Schulhoff wrote a deal of music, including eight symphonies (the 7th and the 8th are unfinished), ballet scores, two piano concertos, the opera The Flames, as well as piano and chamber works. His latter compositions, guided by Socialist Realism, major on subjects such as the Spanish Civil War, hunger riots in Czechoslovakia, and the prowess of the Red Army.

I do not mind admitting that I was blown away by the Concerto for piano and small orchestra. The liner notes sum up its overall effect: it “packs an abundance of vastly varying styles and moods into the span of about twenty-one minutes.” Yet, this is not a string of beads of varying sizes. It is a unified work with integrity and a strict formal structure. In each of the three movements, it explores romanticism with a touch of impressionism, and nods to modernism and jazz. The latter is particularly prominent in the Allegro alla jazz finale, where Schulhoff calls for an eighteen-piece percussion section that includes cog rattle, cowbell, sleigh bells, castanets, tambourine and siren. Foxtrot and Romany music lead towards a riotous conclusion, but not before a magical sostenuto section. Interestingly, the Concerto was played in London on 2 January 1928 under the baton Ernest Ansermet, with the composer as soloist. I must investigate.

The Five Pieces for string quartet, dedicated to Darius Milhaud, can be construed as a “dance suite” which nods towards the Baroque models.
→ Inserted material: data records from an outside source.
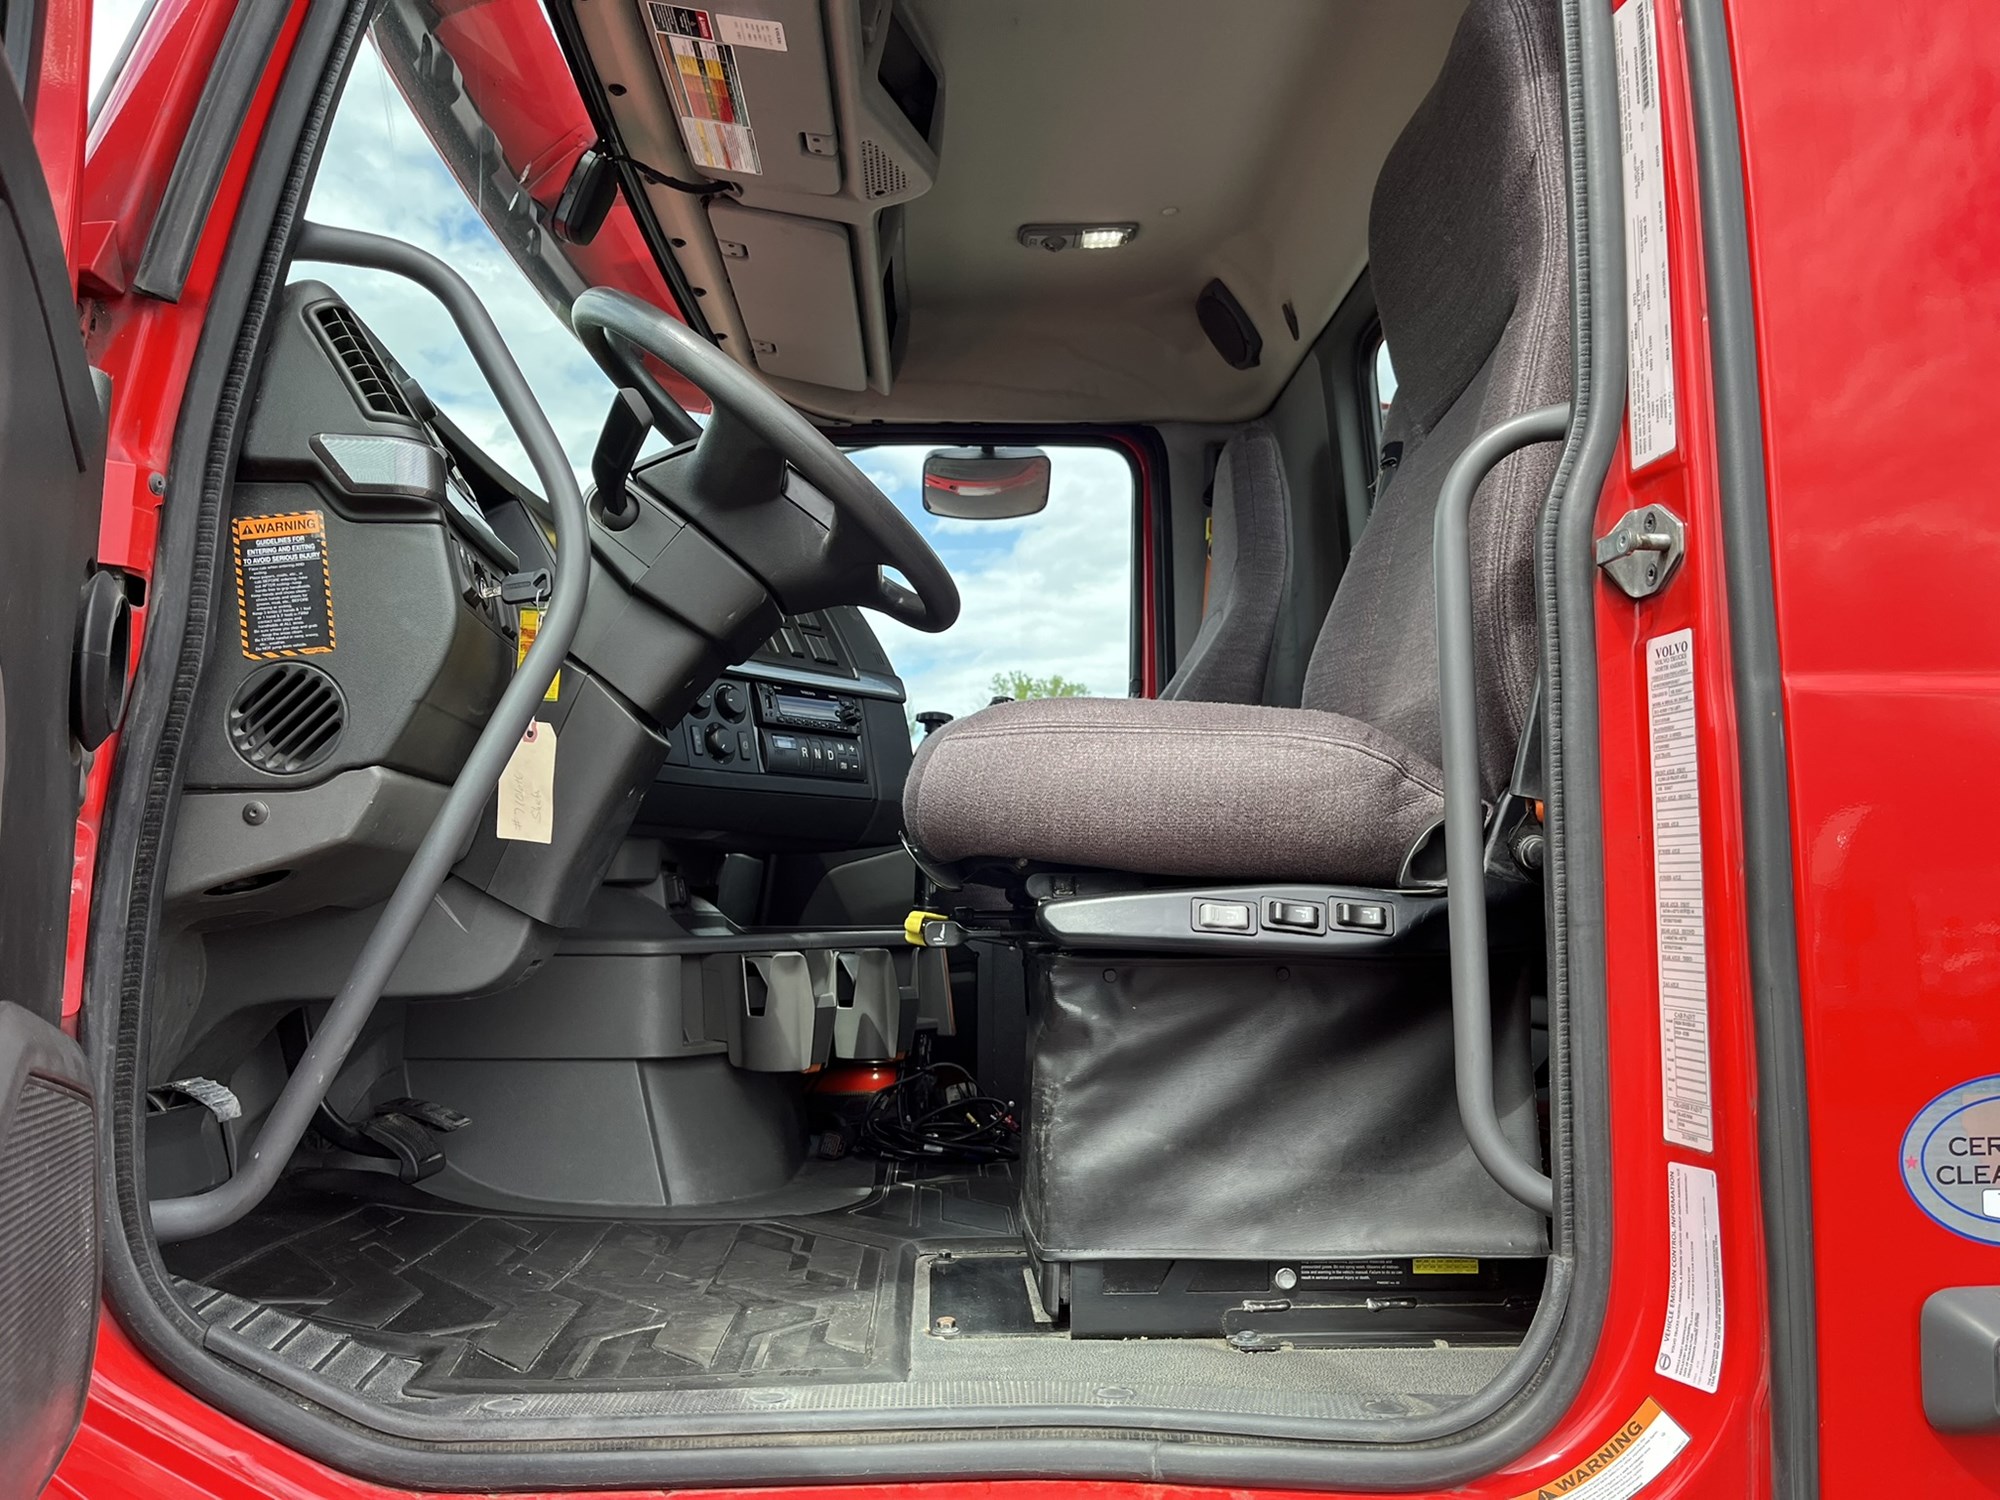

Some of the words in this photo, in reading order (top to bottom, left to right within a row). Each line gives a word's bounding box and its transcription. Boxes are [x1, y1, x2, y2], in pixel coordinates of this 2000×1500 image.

[255, 518, 316, 534] WARNING
[256, 536, 291, 547] GUIDELINES
[292, 535, 305, 543] FOR
[247, 546, 277, 556] ENTERING
[278, 545, 291, 553] AND
[292, 543, 316, 552] EXITING
[253, 556, 271, 564] AVOID
[272, 554, 298, 562] SERIOUS
[299, 551, 320, 560] INJURY
[1655, 641, 1688, 659] VOLVO
[801, 746, 809, 758] R
[814, 748, 822, 760] N
[827, 749, 834, 760] D
[1948, 1136, 2000, 1157] CER
[1664, 1311, 1675, 1342] VEHICLE
[1554, 1420, 1644, 1492] WARNING
The reality is, as the liner notes suggest, that this is a “deconstruction” of its epitome. The first movement Alla valse Viennese combines French and Italian worlds. It is notated in common time, but Schulhoff wanted it played as if it were 3/4. It is charmingly confusing, and mixes elements of Ländler and Walzer. The Alla serenata is menacing in mood; various string bowing effects add to the foreboding. It is nothing like the serenade of popular imagination. The third movement is Alla czeca. Here Schulhoff once again seems to muddle dance rhytms (deliberately!). Is it really a Polka? The Alla tango milonga (faster pace, fewer pauses, more rhythmic walking than a basic tango) is sad and sometimes sultry. The final dance is a rip-roaring Tarantella, which should certainly bring the house down. The piece is played here with remarkable skill and enthusiasm. A work of this vitality ought to be in the standard repertoire of all string quartet ensembles.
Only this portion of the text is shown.